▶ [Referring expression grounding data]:
----------
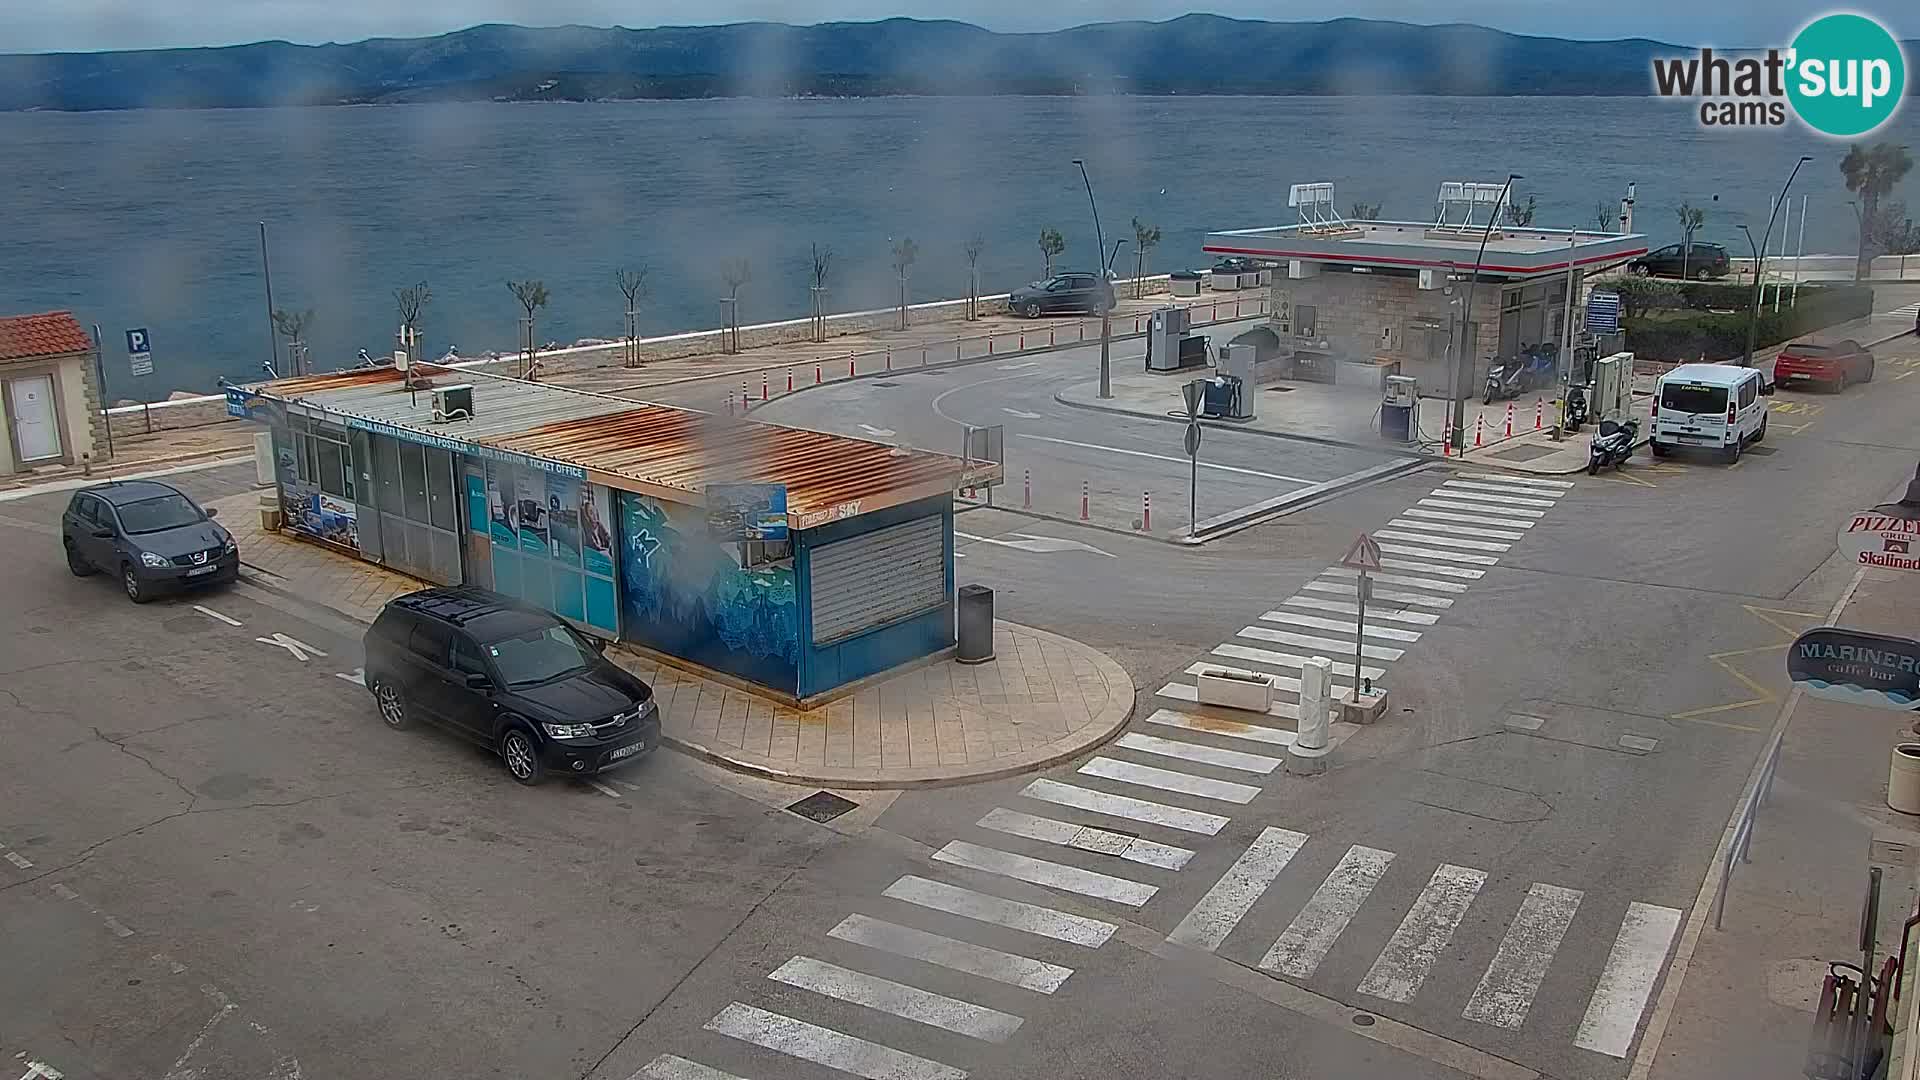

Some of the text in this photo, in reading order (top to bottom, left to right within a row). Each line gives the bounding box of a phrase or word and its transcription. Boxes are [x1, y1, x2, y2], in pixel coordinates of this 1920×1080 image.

[131, 332, 144, 350] P
[397, 428, 437, 446] AUTOBUSNA
[438, 438, 468, 452] POSTAJA
[479, 447, 495, 458] BUS
[495, 450, 527, 465] STATION
[530, 459, 555, 473] TICKET
[556, 464, 583, 478] OFFICE
[1880, 532, 1916, 542] GRILL
[1827, 663, 1896, 681] caffe bar
----------
▶ [Work instructions]: The preceding entries are to be written out again exactly, with the pictures removed.

▶ [Result]:
Some of the text in this photo, in reading order (top to bottom, left to right within a row). Each line gives the bounding box of a phrase or word and its transcription. Boxes are [x1, y1, x2, y2], in pixel coordinates of this 1920×1080 image.

[131, 332, 144, 350] P
[397, 428, 437, 446] AUTOBUSNA
[438, 438, 468, 452] POSTAJA
[479, 447, 495, 458] BUS
[495, 450, 527, 465] STATION
[530, 459, 555, 473] TICKET
[556, 464, 583, 478] OFFICE
[1880, 532, 1916, 542] GRILL
[1827, 663, 1896, 681] caffe bar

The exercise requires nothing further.